春は目を覚ました。そこは自分の部屋であった。ここが何故自分の部屋か分かったのは理由がある。天井に小さな穴が開いてあるからだ。それは昔魔法が暴走して開けた穴だ。横には統が座っていた、顔は哀しげであった。
「春…すまんな…」
統は言った。私はこの人のこの顔が嫌いだ。世界中の不幸を寄せ集めそれを全てぶつけたような絶望した顔。私はこれが観たくなかった、だからいつも努力してきた。この人を絶望させないように。
新沢は有栖と一緒に居た。
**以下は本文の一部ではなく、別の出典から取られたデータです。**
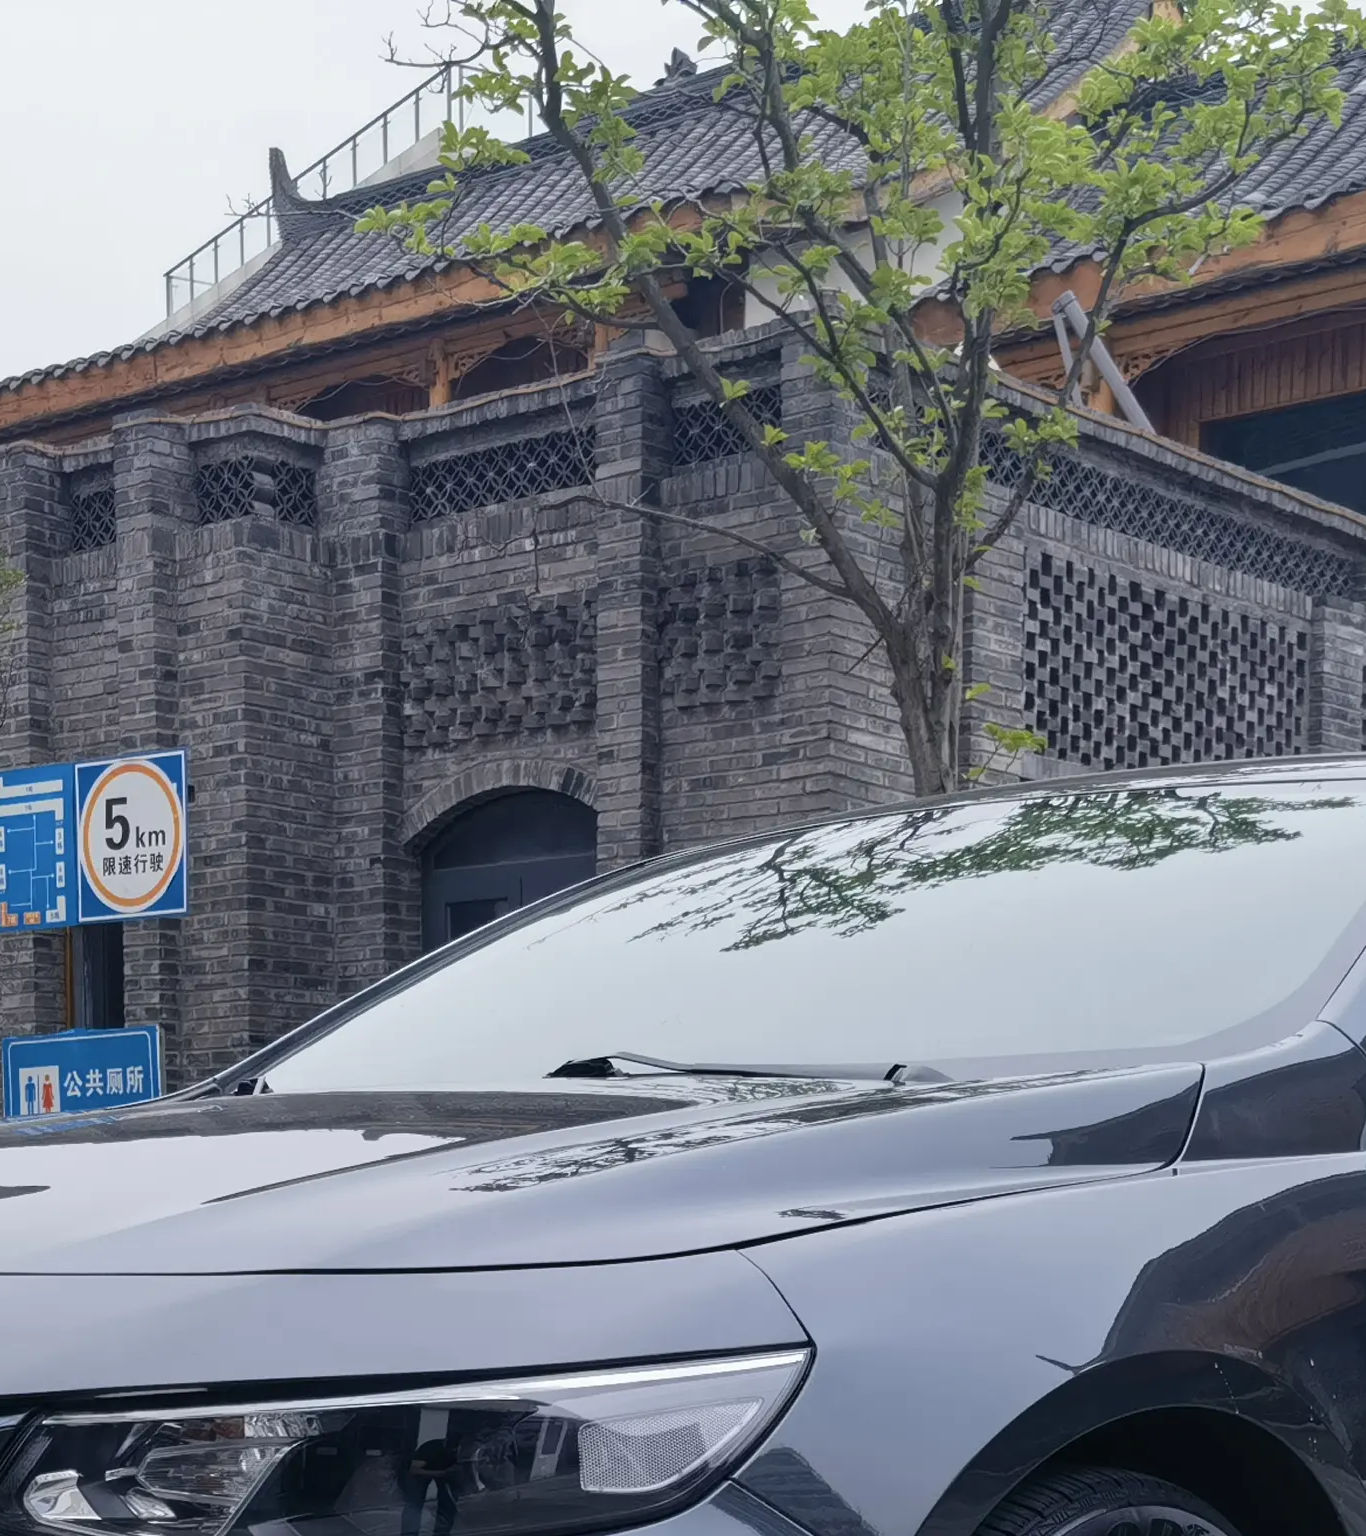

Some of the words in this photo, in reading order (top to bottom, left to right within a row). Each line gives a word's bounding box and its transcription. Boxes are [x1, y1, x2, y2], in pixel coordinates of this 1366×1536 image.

[102, 852, 164, 877] 限速行驶
[63, 1065, 145, 1098] 公共厕所
二人は何故か時雨の家でお茶を飲んでいた。
「有栖、俺強くなりてーわ」
新沢がいつもの調子で言う。顔は真剣そのものである。新沢は頭を下げた。
「え?いやいや、それはないっしょー」
有栖はいつもの調子で言う。顔もいつも通りの何考えてるか分からない顔だった。
「怖くて何もできなかったゴミが何か喋んなよ」
有栖はそう言った。有栖が殺気を放つ。新沢の全身が恐怖を感じ取った。全細胞が逃げろと警告を出す。だがここで逃げれば何もできない、そう何も…。
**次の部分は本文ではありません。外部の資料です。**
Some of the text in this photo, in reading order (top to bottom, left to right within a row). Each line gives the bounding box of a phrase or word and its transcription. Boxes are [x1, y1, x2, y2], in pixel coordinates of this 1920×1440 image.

時雨は空を見上げていた。空は曇っていて今にも降り出しそうであった。時雨の眉がピクリと動く。
「ふむ…冷たい風よのぉ…もう冬か…」
時雨はしみじみ言う。そして魔法で椅子を創り座った。その目は雲の方に向いていた。
「津田」
玻璃川が冷たく言う。津田は座って本を読んでいた。玻璃川は本を取り上げるそして津田に顔を近づけて言った。津田は驚いた様子で思わず椅子から落ちる。玻璃川は続けた。
「百足の件についてなのだが、帝都が召集をかけた」
津田は立ち上がる、そして眼鏡をかけた。
「合格ですよ新沢さん」
有栖は笑って新沢に言った。新沢は弱々しく返事をした。そして小刻みに震えた。
「何もしませんよははは」
有栖はツボに入ったのか腹を抱えて笑っていた。新沢はまだ震えていた。空からは雪が降ってきていた。
「雪ですよ新沢さん」
有栖は言う。新沢は上を見上げる、雪であった。雪は静かに降りてきていた。それは溶けずに机の上に積った。
「この家もガタがきてるな」
時雨はそう言い魔法を詠唱する。天井は素早く埋まった。有栖は机の上の雪を見ていた。それは机の上の電灯に照らされてとても綺麗であった。